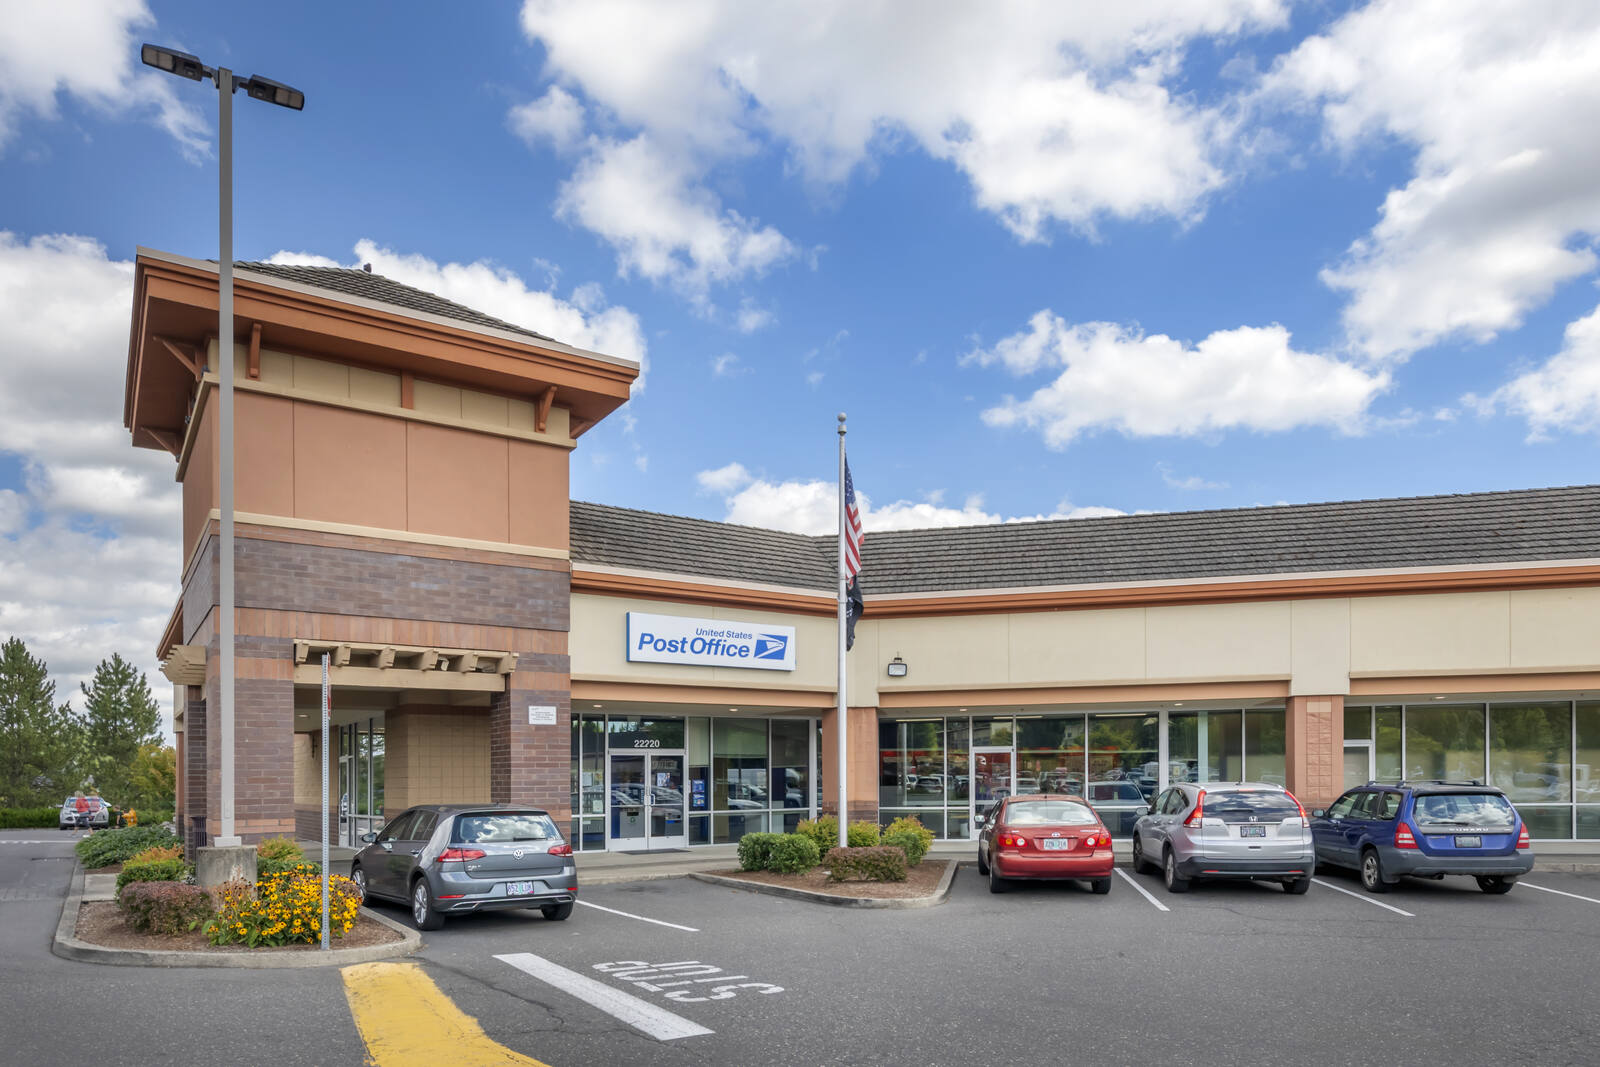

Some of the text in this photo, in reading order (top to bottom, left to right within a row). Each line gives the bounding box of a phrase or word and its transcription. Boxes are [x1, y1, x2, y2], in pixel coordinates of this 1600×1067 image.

[695, 628, 752, 639] United States
[638, 632, 750, 658] Post Office
[634, 740, 660, 748] 22220
[592, 961, 785, 1002] STOP
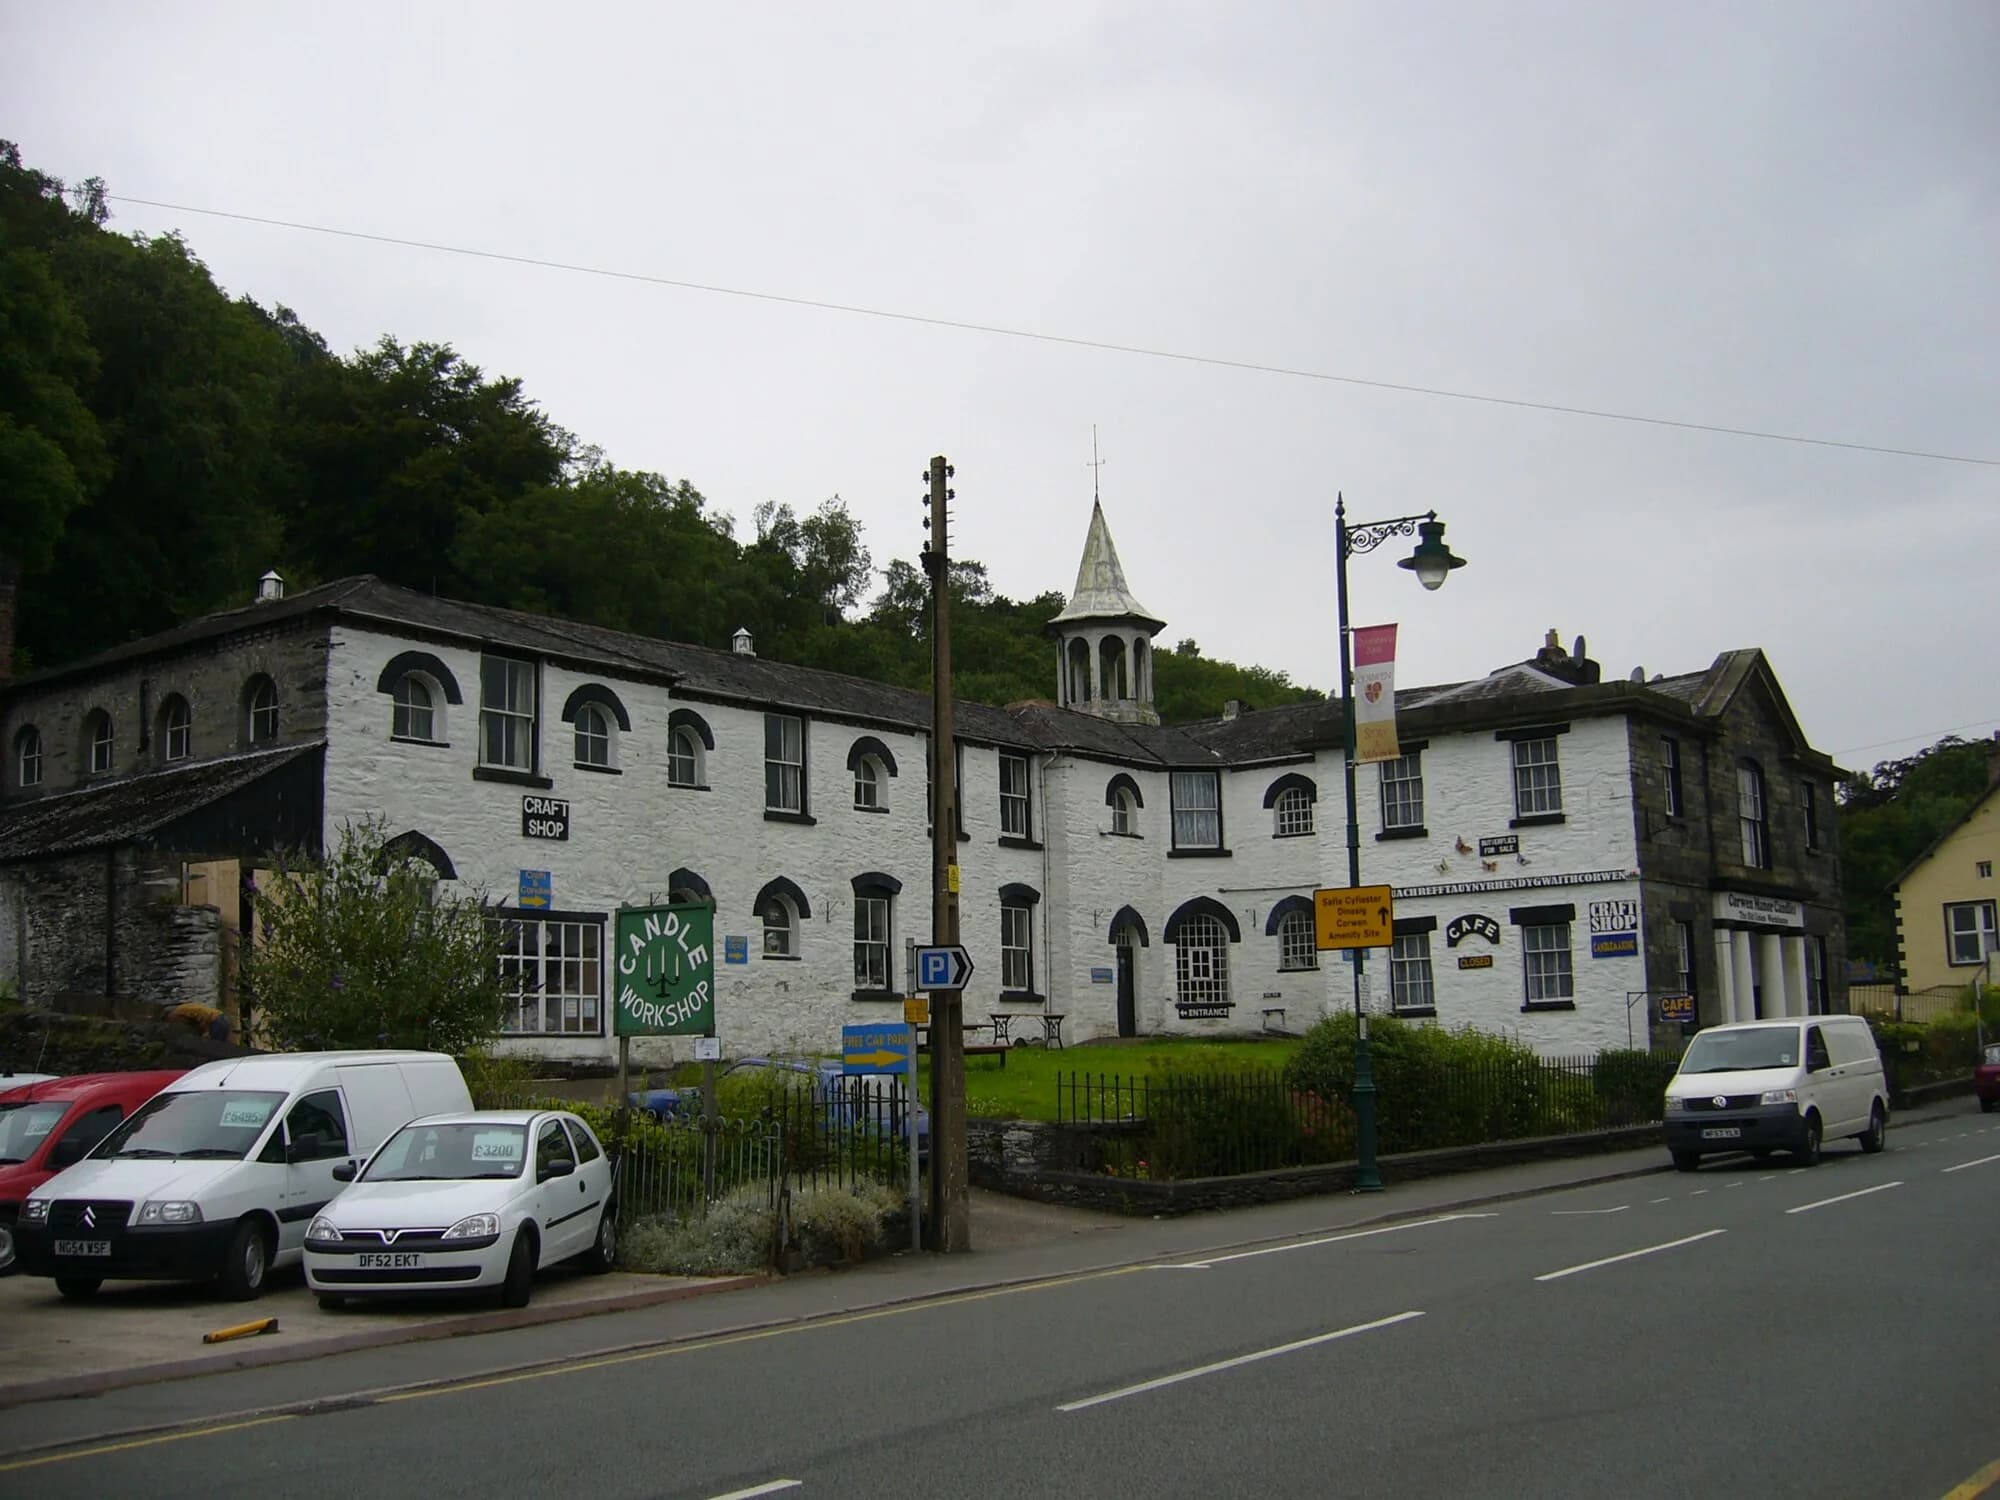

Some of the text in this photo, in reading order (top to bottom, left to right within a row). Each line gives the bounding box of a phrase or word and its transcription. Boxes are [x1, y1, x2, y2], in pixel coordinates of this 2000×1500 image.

| Your assignment |
For every entry above, please output the text exactly and leave any picture behind.

| Solution for this task |
Some of the text in this photo, in reading order (top to bottom, left to right within a row). Each line gives the bounding box of a phrase or word and its transcription. Boxes are [x1, y1, x2, y2], in pixel coordinates of this 1600×1067 image.

[695, 628, 752, 639] United States
[638, 632, 750, 658] Post Office
[634, 740, 660, 748] 22220
[592, 961, 785, 1002] STOP

Some of the text in this photo, in reading order (top to bottom, left to right within a row). Each line gives the bounding box of a phrase or word and its transcription. Boxes are [x1, y1, x2, y2], in pixel coordinates of this 2000×1500 image.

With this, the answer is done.